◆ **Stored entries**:
# # # #

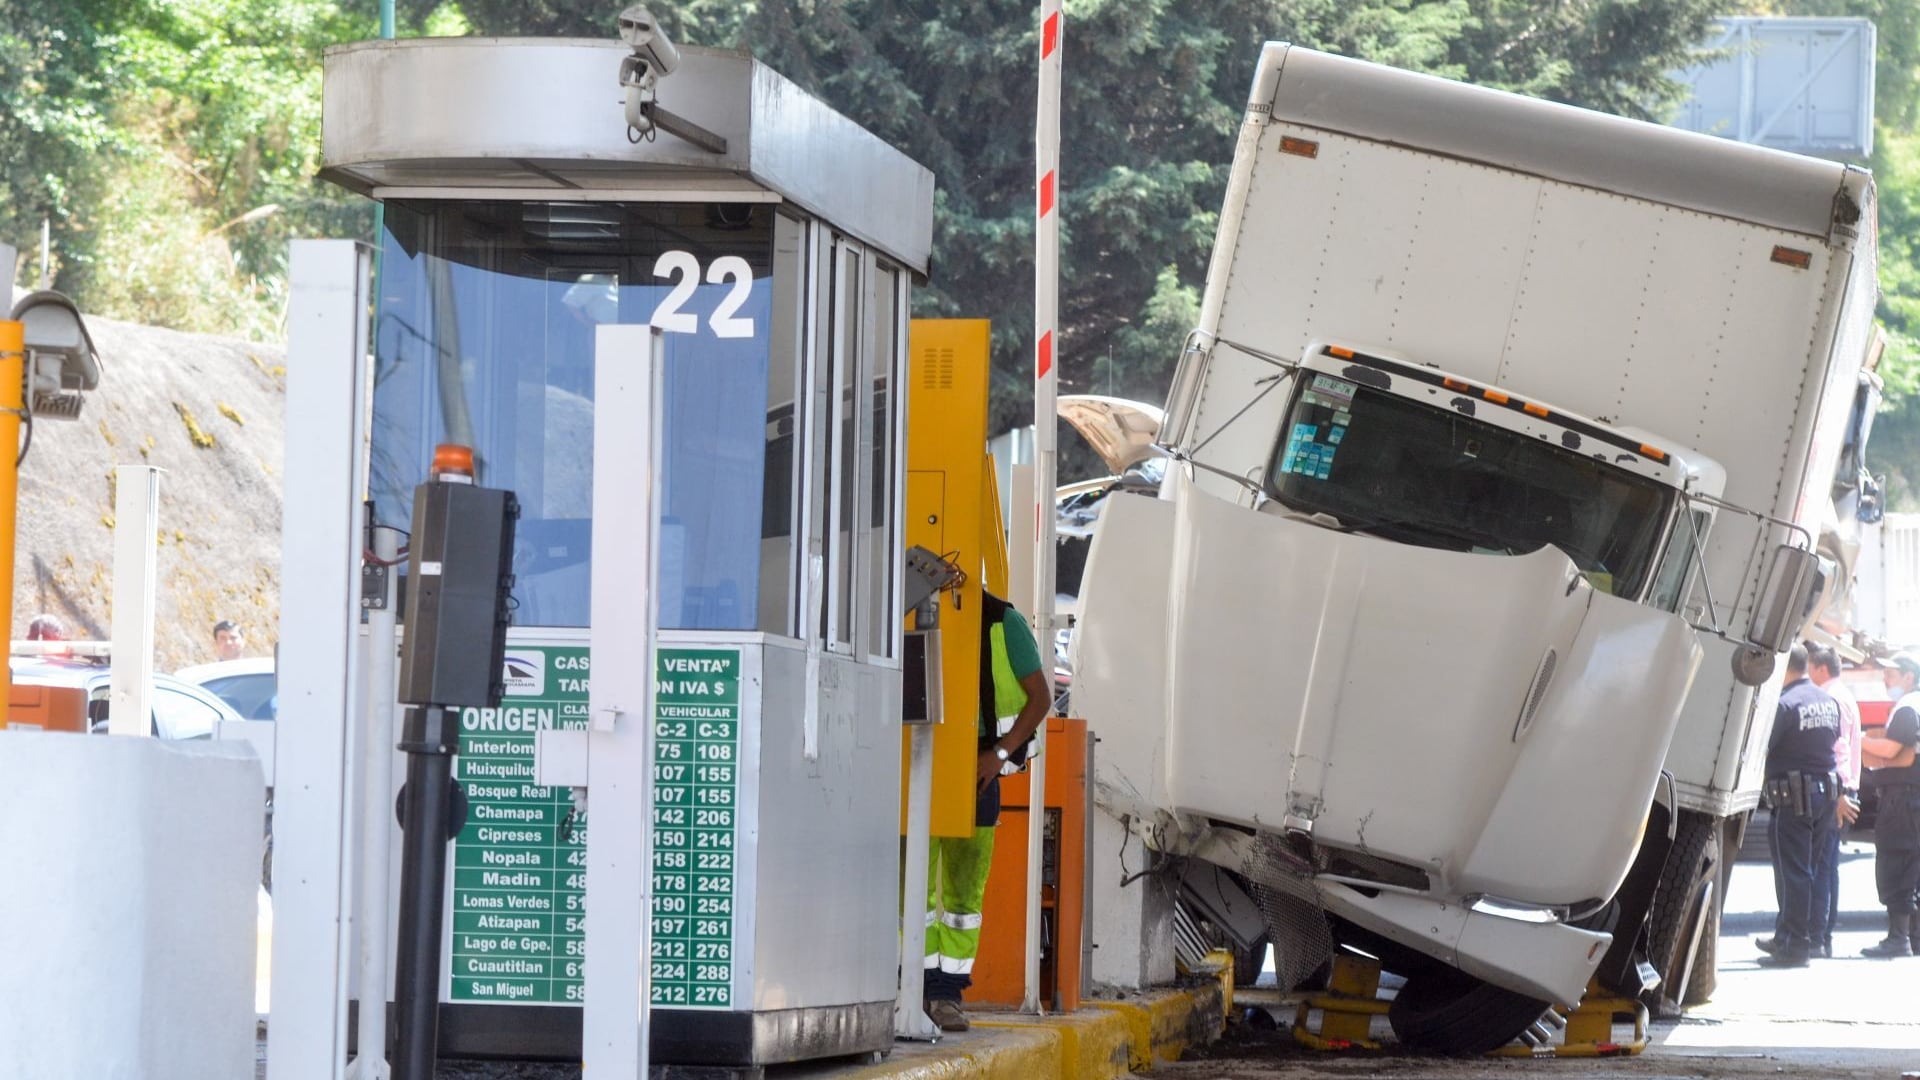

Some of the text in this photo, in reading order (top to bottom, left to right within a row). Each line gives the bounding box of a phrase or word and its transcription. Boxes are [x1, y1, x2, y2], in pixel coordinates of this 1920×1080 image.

[651, 249, 754, 339] 22
[680, 681, 708, 694] IVA
[714, 681, 724, 696] $
[463, 707, 553, 731] ORIGEN
[564, 705, 730, 717] CLA VEHICULAR
[656, 723, 686, 737] C-2
[699, 723, 730, 737] C-3
[659, 744, 680, 758] 75
[698, 744, 731, 759] 108
[654, 766, 685, 780] 107
[698, 767, 730, 781] 155
[468, 784, 517, 799] Bosque
[522, 785, 551, 798] Real
[654, 788, 684, 802] 107
[697, 789, 730, 803] 155
[476, 805, 730, 825] Chamapa 142 206
[478, 828, 542, 842] Cipreses
[653, 831, 685, 846] 150
[697, 833, 731, 847] 214
[482, 851, 540, 866] Nopala
[654, 853, 686, 867] 158
[698, 854, 730, 869] 222
[483, 872, 541, 886] Madin
[654, 876, 685, 890] 178
[697, 877, 730, 891] 242
[463, 894, 503, 907] Lomas
[508, 896, 550, 909] Verdes
[653, 897, 685, 912] 190
[697, 899, 730, 913] 254
[478, 915, 540, 930] Atizapan
[653, 919, 685, 934] 197
[696, 921, 728, 935] 261
[465, 937, 496, 951] Lago
[501, 938, 516, 950] de
[521, 938, 550, 953] Gpe.
[652, 942, 685, 957] 212
[696, 944, 729, 958] 276
[468, 959, 543, 974] Cuautitlan
[652, 964, 685, 979] 224
[696, 966, 729, 980] 288
[472, 982, 494, 995] San
[497, 982, 533, 997] Miguel
[651, 987, 685, 1001] 212
[696, 987, 728, 1002] 276

# # # #

◆ **Aim of the task**:
When you copy the data above, keep each line exact and omit the pictures.

◆ **Answer**:
Some of the text in this photo, in reading order (top to bottom, left to right within a row). Each line gives the bounding box of a phrase or word and its transcription. Boxes are [x1, y1, x2, y2], in pixel coordinates of this 1920×1080 image.

[651, 249, 754, 339] 22
[680, 681, 708, 694] IVA
[714, 681, 724, 696] $
[463, 707, 553, 731] ORIGEN
[564, 705, 730, 717] CLA VEHICULAR
[656, 723, 686, 737] C-2
[699, 723, 730, 737] C-3
[659, 744, 680, 758] 75
[698, 744, 731, 759] 108
[654, 766, 685, 780] 107
[698, 767, 730, 781] 155
[468, 784, 517, 799] Bosque
[522, 785, 551, 798] Real
[654, 788, 684, 802] 107
[697, 789, 730, 803] 155
[476, 805, 730, 825] Chamapa 142 206
[478, 828, 542, 842] Cipreses
[653, 831, 685, 846] 150
[697, 833, 731, 847] 214
[482, 851, 540, 866] Nopala
[654, 853, 686, 867] 158
[698, 854, 730, 869] 222
[483, 872, 541, 886] Madin
[654, 876, 685, 890] 178
[697, 877, 730, 891] 242
[463, 894, 503, 907] Lomas
[508, 896, 550, 909] Verdes
[653, 897, 685, 912] 190
[697, 899, 730, 913] 254
[478, 915, 540, 930] Atizapan
[653, 919, 685, 934] 197
[696, 921, 728, 935] 261
[465, 937, 496, 951] Lago
[501, 938, 516, 950] de
[521, 938, 550, 953] Gpe.
[652, 942, 685, 957] 212
[696, 944, 729, 958] 276
[468, 959, 543, 974] Cuautitlan
[652, 964, 685, 979] 224
[696, 966, 729, 980] 288
[472, 982, 494, 995] San
[497, 982, 533, 997] Miguel
[651, 987, 685, 1001] 212
[696, 987, 728, 1002] 276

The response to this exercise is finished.